╔══

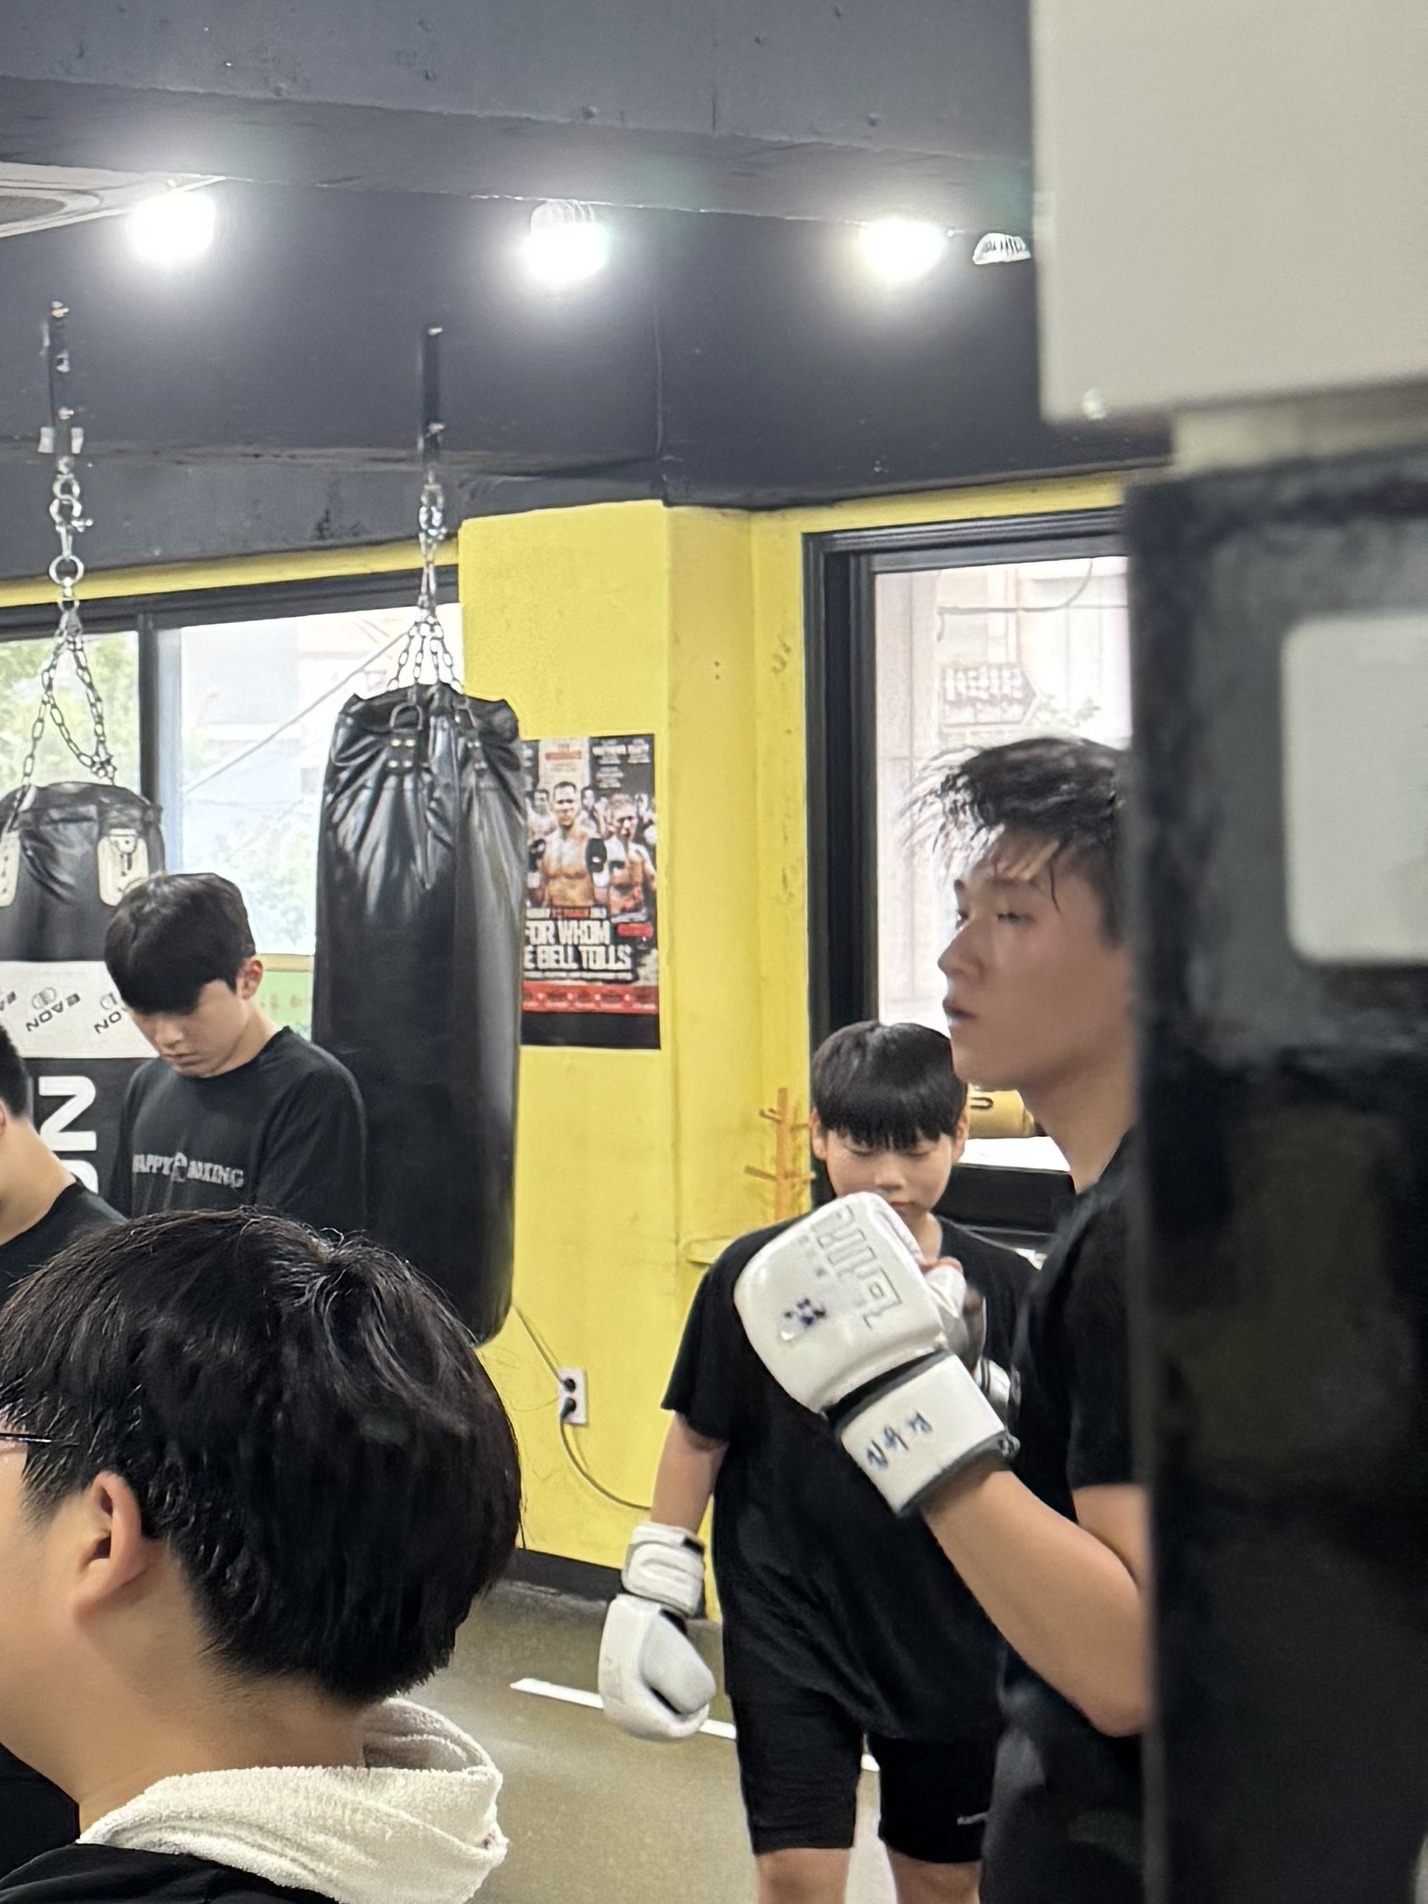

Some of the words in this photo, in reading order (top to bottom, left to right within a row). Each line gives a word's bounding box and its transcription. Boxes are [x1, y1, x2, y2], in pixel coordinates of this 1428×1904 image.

[557, 920, 611, 945] WHOM
[536, 945, 578, 970] BELL
[578, 944, 633, 971] TOLLS
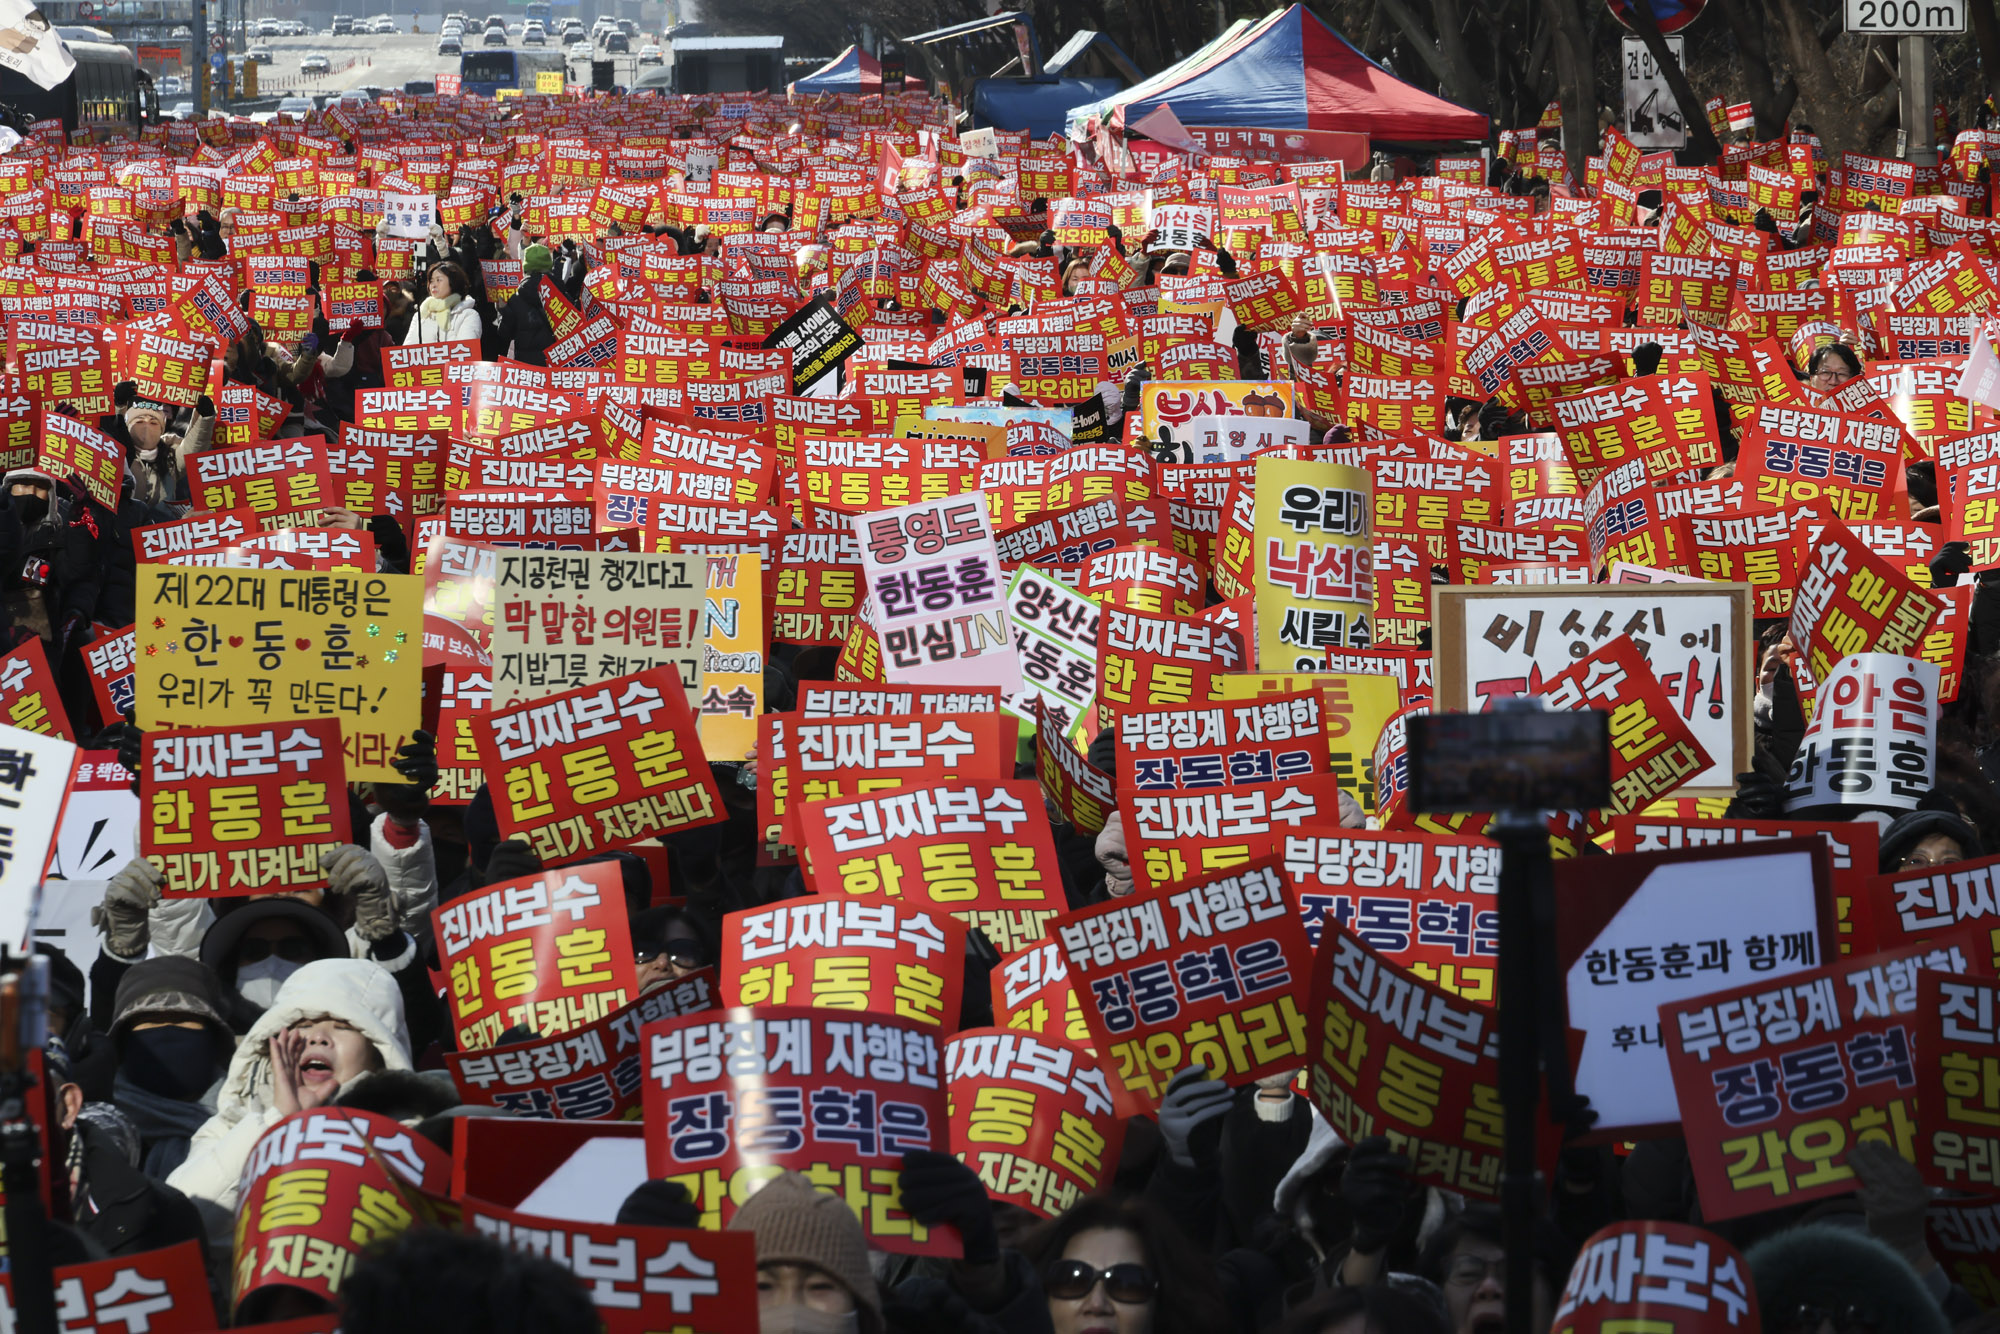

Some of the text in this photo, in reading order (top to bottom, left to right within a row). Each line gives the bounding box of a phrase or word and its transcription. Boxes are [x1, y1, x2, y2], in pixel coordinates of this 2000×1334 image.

[1858, 0, 1955, 28] 200m
[1439, 159, 1481, 172] 진짜보수
[1749, 165, 1796, 189] 진짜보수
[1844, 153, 1912, 179] 부당징계 자행한
[1847, 172, 1905, 195] 장동혁은
[1345, 194, 1402, 209] 진짜보수
[1495, 235, 1572, 267] 진짜보수
[1651, 257, 1731, 281] 진짜보수
[1765, 246, 1830, 272] 진짜보수
[1833, 246, 1899, 267] 진짜보수
[1226, 272, 1280, 302] 진짜보수
[1895, 250, 1965, 311] 진짜보수
[254, 294, 309, 310] 진짜보수
[16, 322, 94, 343] 진짜보수
[548, 314, 615, 369] 부당징계 자행한
[955, 319, 985, 348] 자행한
[998, 316, 1073, 335] 부당징계 자행한
[1142, 317, 1208, 337] 진짜보수
[1353, 324, 1434, 361] 진짜보수
[1889, 316, 1939, 337] 부당징계
[24, 345, 101, 372] 진짜보수
[140, 333, 210, 362] 진짜보수
[389, 342, 472, 369] 진짜보수
[624, 334, 710, 357] 진짜보수
[852, 342, 924, 362] 진짜보수
[1107, 346, 1138, 369] 에서
[1161, 343, 1232, 370] 진짜보수
[448, 364, 546, 389] 부당징계 자행한
[686, 373, 785, 403] 부당징계 자행한
[864, 372, 952, 395] 진짜보수
[1348, 376, 1435, 400] 진짜보수
[1517, 356, 1612, 386] 진짜보수
[221, 388, 253, 404] 자행한
[362, 389, 451, 413] 진짜보수
[642, 387, 682, 408] 자행한
[773, 397, 861, 426] 진짜보수
[1554, 384, 1649, 428] 진짜보수
[46, 414, 119, 459] 진짜보수
[501, 421, 591, 457] 진짜보수
[1758, 406, 1901, 454] 부당징계 자행한
[198, 440, 314, 483] 진짜보수
[652, 426, 764, 475] 진짜보수
[804, 440, 910, 469] 진짜보수
[1049, 449, 1150, 480] 진짜보수
[1766, 440, 1886, 487] 장동혁은
[481, 459, 592, 488] 진짜보수
[601, 462, 733, 503] 부당징계 자행한
[1376, 459, 1491, 493] 진짜보수
[1605, 456, 1645, 499] 자행한
[451, 504, 591, 536] 부당징계 자행한
[657, 501, 779, 538] 진짜보수
[1058, 499, 1119, 538] 자행한
[1279, 484, 1368, 539] 우리가
[142, 515, 245, 558] 진짜보수
[867, 503, 987, 565] 통영도
[1457, 524, 1579, 562] 진짜보수
[501, 557, 693, 590] 지공천권 챙긴다고
[874, 556, 995, 618] 한동훈
[1087, 549, 1200, 597] 진짜보수
[154, 571, 391, 618] 제22대 대통령은
[603, 606, 699, 649] 의원들!
[1107, 609, 1239, 667] 진짜보수
[1280, 608, 1346, 648] 시킬
[500, 652, 588, 688] 지밥그릇
[158, 673, 388, 714] 우리가 꼭 만든다!
[491, 681, 664, 761] 진짜보수
[1121, 697, 1319, 752] 부당징계 자행한
[152, 728, 323, 782] 진짜보수
[798, 720, 975, 772] 진짜보수
[601, 784, 714, 842] 지켜낸다
[824, 785, 1028, 854] 진짜보수
[1133, 785, 1317, 841] 진짜보수
[1284, 835, 1422, 890] 부당징계
[440, 875, 600, 957] 진짜보수
[740, 901, 946, 963] 진짜보수
[1059, 866, 1287, 972] 부당징계 자행한
[1585, 930, 1816, 986] 한동훈과 함께
[1091, 938, 1292, 1034] 장동혁은
[1678, 978, 1840, 1062] 부당징계
[459, 1032, 605, 1089] 부당징계
[650, 1016, 939, 1090] 부당징계 자행한
[668, 1087, 930, 1161] 장동혁은

╚══

WORK INSTRUCTIONS
Transcribe every entry exactly, omitting pictures.

ANSWER FOR THE TASK
Some of the words in this photo, in reading order (top to bottom, left to right within a row). Each line gives a word's bounding box and its transcription. Boxes are [x1, y1, x2, y2], in pixel coordinates of this 1428×1904 image.

[557, 920, 611, 945] WHOM
[536, 945, 578, 970] BELL
[578, 944, 633, 971] TOLLS

Some of the text in this photo, in reading order (top to bottom, left to right within a row). Each line gives the bounding box of a phrase or word and its transcription. Boxes are [x1, y1, x2, y2], in pixel coordinates of this 2000×1334 image.

[1858, 0, 1955, 28] 200m
[1439, 159, 1481, 172] 진짜보수
[1749, 165, 1796, 189] 진짜보수
[1844, 153, 1912, 179] 부당징계 자행한
[1847, 172, 1905, 195] 장동혁은
[1345, 194, 1402, 209] 진짜보수
[1495, 235, 1572, 267] 진짜보수
[1651, 257, 1731, 281] 진짜보수
[1765, 246, 1830, 272] 진짜보수
[1833, 246, 1899, 267] 진짜보수
[1226, 272, 1280, 302] 진짜보수
[1895, 250, 1965, 311] 진짜보수
[254, 294, 309, 310] 진짜보수
[16, 322, 94, 343] 진짜보수
[548, 314, 615, 369] 부당징계 자행한
[955, 319, 985, 348] 자행한
[998, 316, 1073, 335] 부당징계 자행한
[1142, 317, 1208, 337] 진짜보수
[1353, 324, 1434, 361] 진짜보수
[1889, 316, 1939, 337] 부당징계
[24, 345, 101, 372] 진짜보수
[140, 333, 210, 362] 진짜보수
[389, 342, 472, 369] 진짜보수
[624, 334, 710, 357] 진짜보수
[852, 342, 924, 362] 진짜보수
[1107, 346, 1138, 369] 에서
[1161, 343, 1232, 370] 진짜보수
[448, 364, 546, 389] 부당징계 자행한
[686, 373, 785, 403] 부당징계 자행한
[864, 372, 952, 395] 진짜보수
[1348, 376, 1435, 400] 진짜보수
[1517, 356, 1612, 386] 진짜보수
[221, 388, 253, 404] 자행한
[362, 389, 451, 413] 진짜보수
[642, 387, 682, 408] 자행한
[773, 397, 861, 426] 진짜보수
[1554, 384, 1649, 428] 진짜보수
[46, 414, 119, 459] 진짜보수
[501, 421, 591, 457] 진짜보수
[1758, 406, 1901, 454] 부당징계 자행한
[198, 440, 314, 483] 진짜보수
[652, 426, 764, 475] 진짜보수
[804, 440, 910, 469] 진짜보수
[1049, 449, 1150, 480] 진짜보수
[1766, 440, 1886, 487] 장동혁은
[481, 459, 592, 488] 진짜보수
[601, 462, 733, 503] 부당징계 자행한
[1376, 459, 1491, 493] 진짜보수
[1605, 456, 1645, 499] 자행한
[451, 504, 591, 536] 부당징계 자행한
[657, 501, 779, 538] 진짜보수
[1058, 499, 1119, 538] 자행한
[1279, 484, 1368, 539] 우리가
[142, 515, 245, 558] 진짜보수
[867, 503, 987, 565] 통영도
[1457, 524, 1579, 562] 진짜보수
[501, 557, 693, 590] 지공천권 챙긴다고
[874, 556, 995, 618] 한동훈
[1087, 549, 1200, 597] 진짜보수
[154, 571, 391, 618] 제22대 대통령은
[603, 606, 699, 649] 의원들!
[1107, 609, 1239, 667] 진짜보수
[1280, 608, 1346, 648] 시킬
[500, 652, 588, 688] 지밥그릇
[158, 673, 388, 714] 우리가 꼭 만든다!
[491, 681, 664, 761] 진짜보수
[1121, 697, 1319, 752] 부당징계 자행한
[152, 728, 323, 782] 진짜보수
[798, 720, 975, 772] 진짜보수
[601, 784, 714, 842] 지켜낸다
[824, 785, 1028, 854] 진짜보수
[1133, 785, 1317, 841] 진짜보수
[1284, 835, 1422, 890] 부당징계
[440, 875, 600, 957] 진짜보수
[740, 901, 946, 963] 진짜보수
[1059, 866, 1287, 972] 부당징계 자행한
[1585, 930, 1816, 986] 한동훈과 함께
[1091, 938, 1292, 1034] 장동혁은
[1678, 978, 1840, 1062] 부당징계
[459, 1032, 605, 1089] 부당징계
[650, 1016, 939, 1090] 부당징계 자행한
[668, 1087, 930, 1161] 장동혁은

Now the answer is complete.